Rabble rabble let's go to DST this year and never revert rabble rabble I hate when it gets dark early rabble rabble farmers can suck it

Switching to DST all-year is silly.  Just get rid of DST altogether.  If our schedules don't line up with standard time, then our schedules are out of whack, not our clocks.

That is a preposterous twisting of logic - what hours are assigned to the clock is just as much an arbitrary social construct as people's clock preferences.

No, 12:00 PM is supposed to be midday and 12:00 AM is supposed to be midnight.

Before clocks, people naturally did most of their activities between sunup and sundown, so we developed clocks accordingly, with 12:00 right up at the top.  Now people complain they don't have enough daylight in the evenings, yet someone who works a normal shift (7-to-4 or 8-to-5) should have approximately the same amount of daylight before work as after work.  If we as a society have made room in our daily schedules to allow for a bunch of leisure time and want to take it during daylight hours after work, then we should go to work earlier to make that time available to us—not redefine what noon and midnight are.

Most people I know prefer to wake up - go to work - come back - relax.
So work starting 2 hour after sunrise fits best for them.

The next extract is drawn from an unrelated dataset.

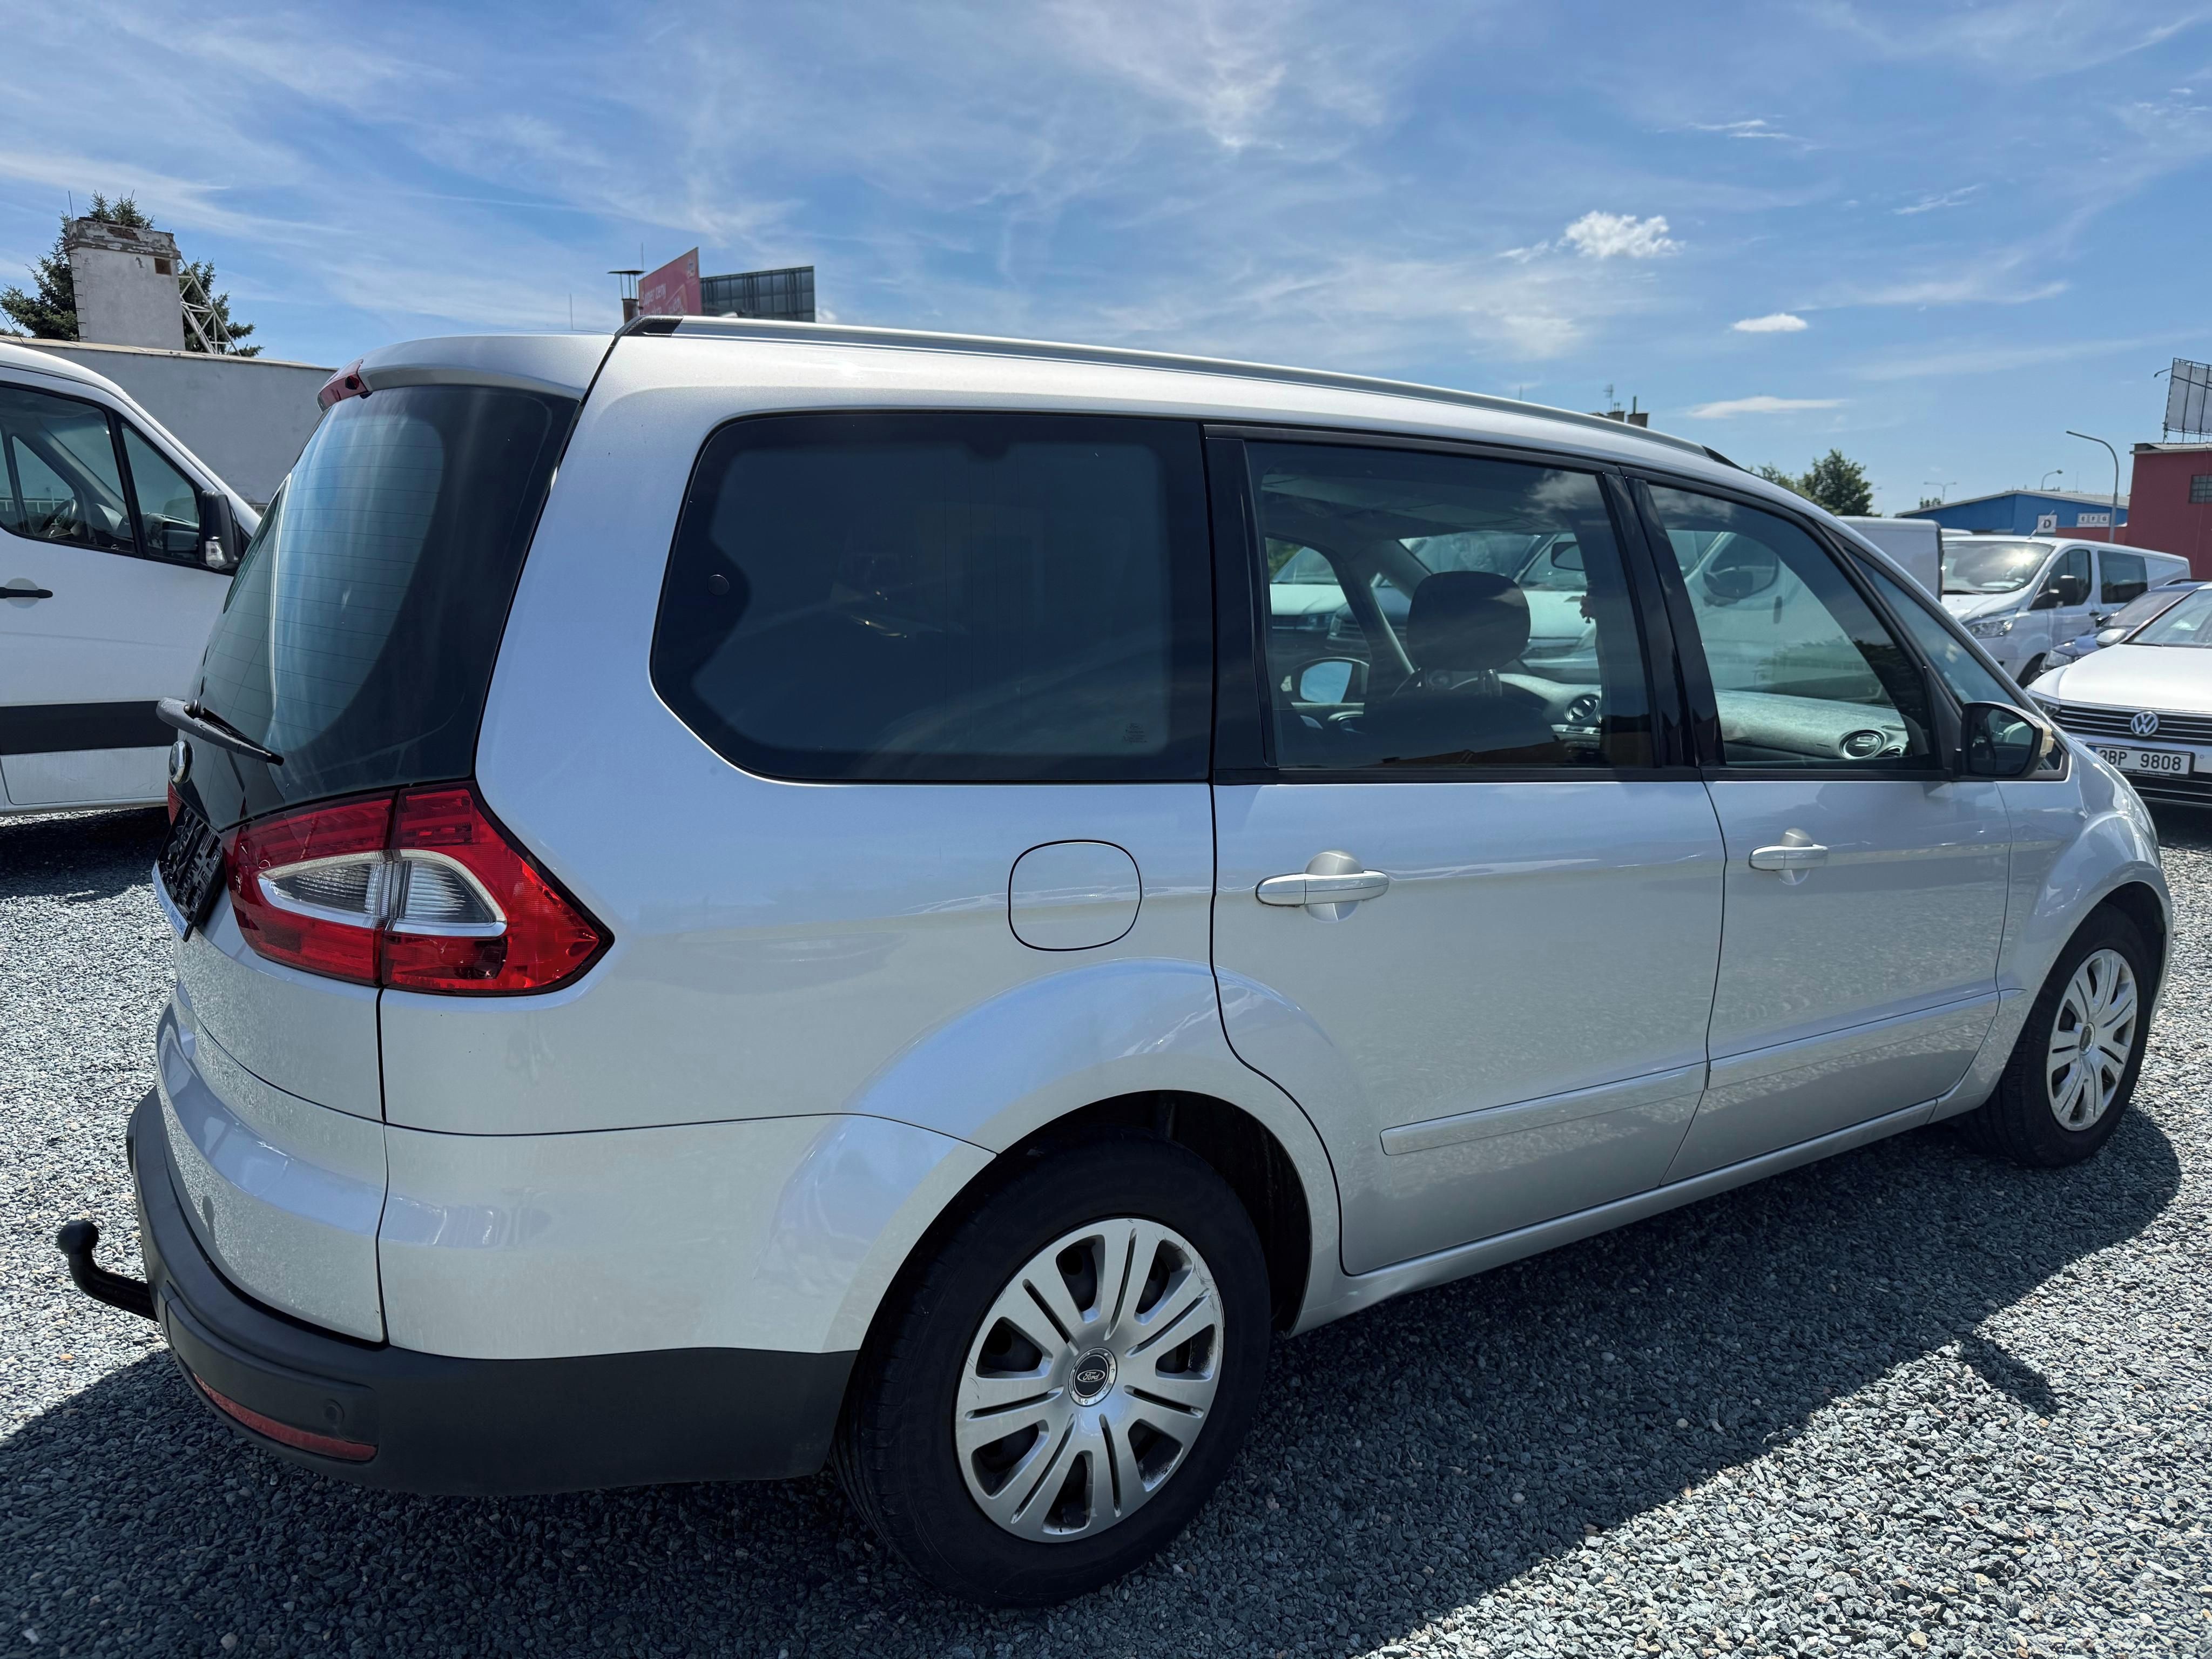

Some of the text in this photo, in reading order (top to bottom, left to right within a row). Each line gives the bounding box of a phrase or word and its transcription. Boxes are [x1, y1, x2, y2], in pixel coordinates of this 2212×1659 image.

Now the problem is that sun doesn't cooperate and refuses to go up at 7 AM for entire year.
And it looks like our mid-day is closer to end of typical business hours. So probably having astronomic noon somewhere after lunch break, 1.30-2 PM, would be a good option for many - just to keep astronomic noon somewhere close to actual mid-day.
Unfortunately, that means morning commute in the dark for 2-3-4 winter months...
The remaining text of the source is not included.